Schock beim berühmtesten Mainzer Fastnachtschor: Bei der Razzia in der Reichsbürgerszene vom 7. Dezember 2022 ist auch ein Mitglied der Mainzer Hofsänger verhaftet worden. Das bestätigte am Mittwochabend der Kapitän der Mainzer Hofsänger, Christoph Clemens, gegenüber der Internetzeitung Mainz&. René R. habe sich in der Coronazeit bei dem berühmten Fastnachtschor beworben, sei aber erst seit März 2022 reguläres und regelmäßiges Mitglied des Chors gewesen. „Der Chor steht unter Schock“, sagte Clemens: „Wir distanzieren uns auf das Entschiedenste von den Ideen, die diese Reichsbürger an den Tag legen.“

Die Mainzer Hofsänger bei ihrem Video für den SSC Song Contest - samt Tenor René R. (NICHT der Solist im Vordergrund). . - Screenshot: gik
Die Mainzer Hofsänger bei ihrem Video für den SSC Song Contest – samt Tenor René R. (NICHT der Solist im Vordergrund). – Screenshot: gik

Am 7. Dezember 2022 war die Bundesanwaltschaft in den frühen Morgenstunden mit einer Großrazzia in elf Bundesländern gegen eine Gruppe aus der Reichsbürgerszene vorgegangen, die aus Sicht der Bundesanwaltschaft dringend verdächtig war, einen bewaffneten Staatsstreich vorbereitet zu haben. Die Gruppe um den Anführer Heinrich XIII. Prinz Reuß soll das Ziel gehabt haben, „die bestehende staatliche Ordnung in Deutschland zu überwinden und durch eine eigene, bereits in Grundzügen ausgearbeitete Staatsform zu ersetzen“, wie es beim Generalbundesanwalt  heißt.

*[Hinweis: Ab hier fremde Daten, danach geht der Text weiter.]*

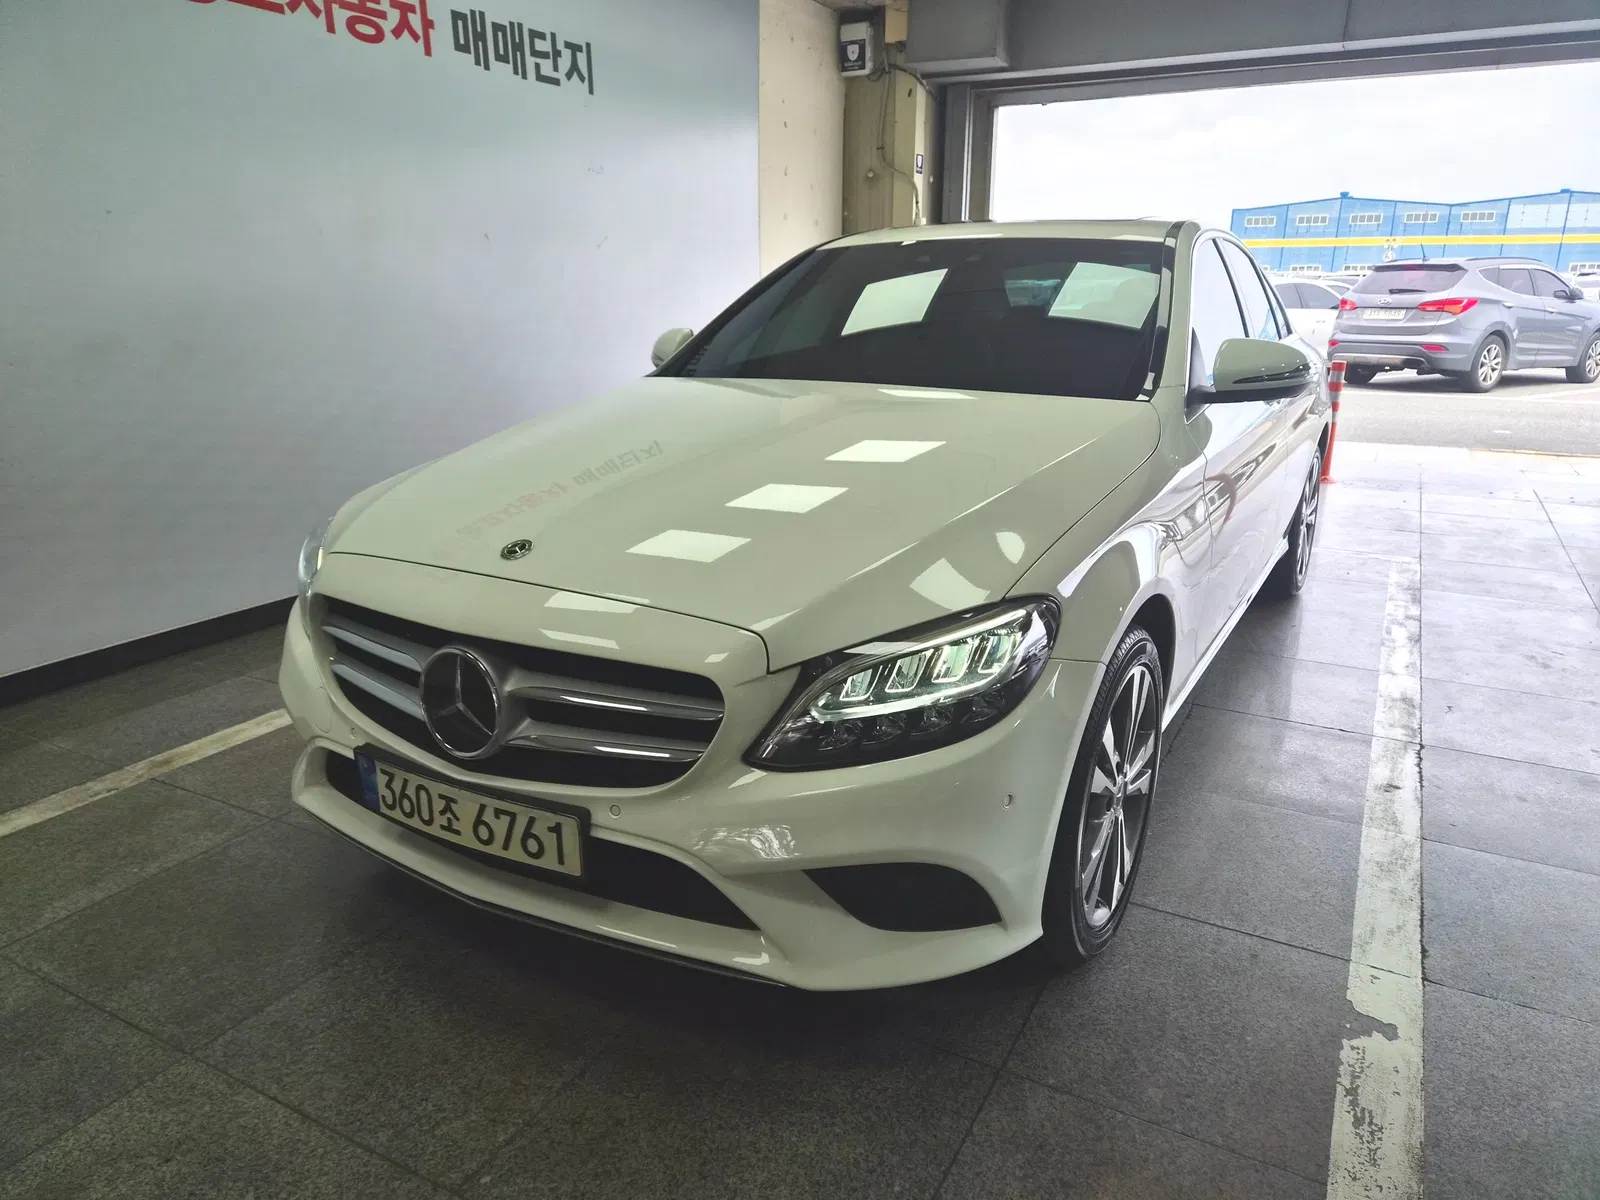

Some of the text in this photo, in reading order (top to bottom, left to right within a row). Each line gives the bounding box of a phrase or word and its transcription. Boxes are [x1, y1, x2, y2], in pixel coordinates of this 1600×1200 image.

[450, 8, 595, 96] 매매단지
[380, 768, 565, 866] 360조 6761

Im Zuge der Razzia wurden insgesamt 25 Personen festgenommen, denen die Bundesanwaltschaft „Unterstützung einer terroristischen Vereinigung“ vorwirft. Nun wurde bekannt: Darunter ist auch ein Mitglied der Mainzer Hofsänger. René R. sang seit Anfang 2022 als 1. Tenor in dem berühmten Fastnachtschor mit, Vollmitglied war er seit März 2022. Gebürtig ist der Tenor aber aus einem kleinen Ort in der Nähe von Pforzheim im Badischen. Zuerst hatten die Badischen Neuesten Nachrichten von der Verhaftung des „Pforzheimer Carusos“ sowie der SWR berichtet.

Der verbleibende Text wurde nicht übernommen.